- EXERCISE
The reply should repeat all of the data word for word, with no pictures.

** DATA UNDER STUDY follows **

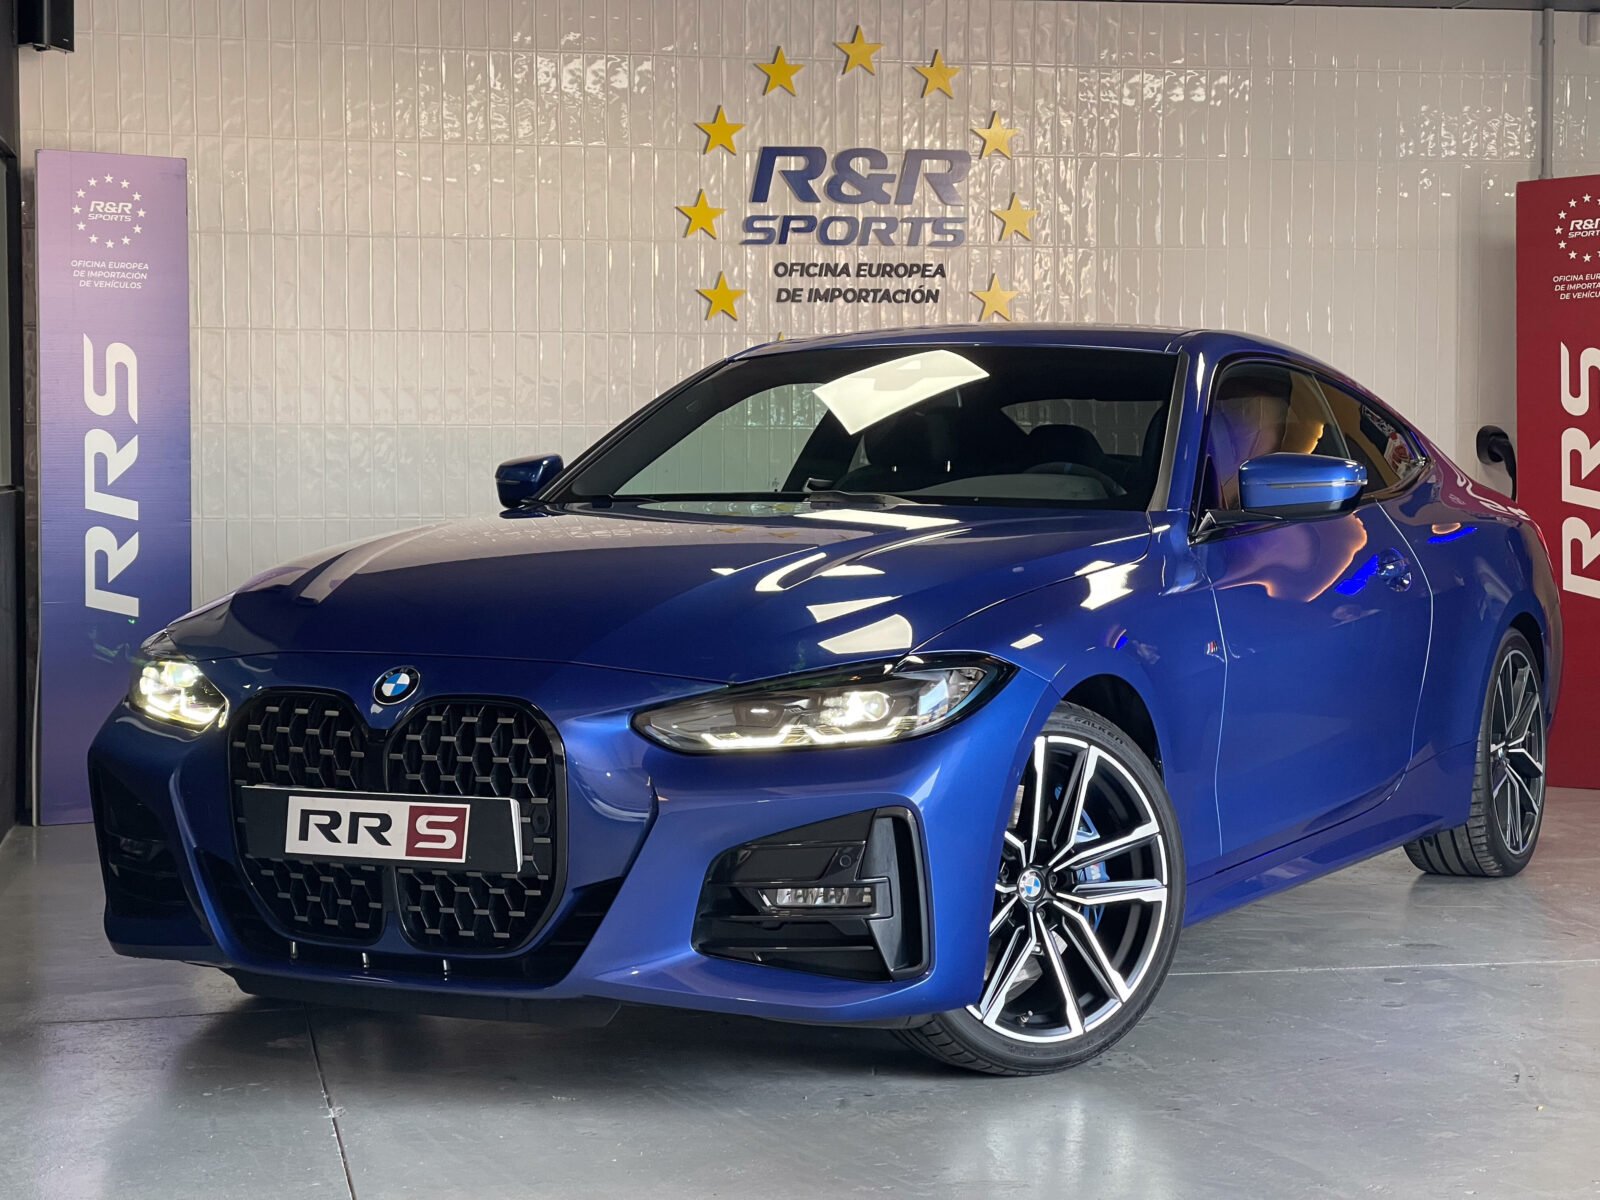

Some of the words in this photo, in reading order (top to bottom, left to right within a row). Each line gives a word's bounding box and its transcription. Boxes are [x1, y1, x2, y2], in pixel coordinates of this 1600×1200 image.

[750, 146, 972, 206] R&R
[90, 201, 132, 214] R&R
[88, 213, 132, 221] SPORTS
[740, 214, 968, 247] SPORTS
[71, 260, 106, 268] OFICINA
[108, 261, 149, 270] EUROPEA
[773, 261, 850, 278] OFICINA
[855, 262, 946, 279] EUROPEA
[79, 280, 92, 288] DE
[93, 279, 142, 289] VEHÍCULOS
[1554, 284, 1566, 292] DE
[776, 287, 803, 303] DE
[807, 284, 940, 304] IMPORTACIÓN
[1559, 292, 1571, 300] DE
[83, 333, 139, 618] RRS

** End of DATA UNDER STUDY **

- SOLVED EXERCISE
Some of the words in this photo, in reading order (top to bottom, left to right within a row). Each line gives a word's bounding box and its transcription. Boxes are [x1, y1, x2, y2], in pixel coordinates of this 1600×1200 image.

[750, 146, 972, 206] R&R
[90, 201, 132, 214] R&R
[88, 213, 132, 221] SPORTS
[740, 214, 968, 247] SPORTS
[71, 260, 106, 268] OFICINA
[108, 261, 149, 270] EUROPEA
[773, 261, 850, 278] OFICINA
[855, 262, 946, 279] EUROPEA
[79, 280, 92, 288] DE
[93, 279, 142, 289] VEHÍCULOS
[1554, 284, 1566, 292] DE
[776, 287, 803, 303] DE
[807, 284, 940, 304] IMPORTACIÓN
[1559, 292, 1571, 300] DE
[83, 333, 139, 618] RRS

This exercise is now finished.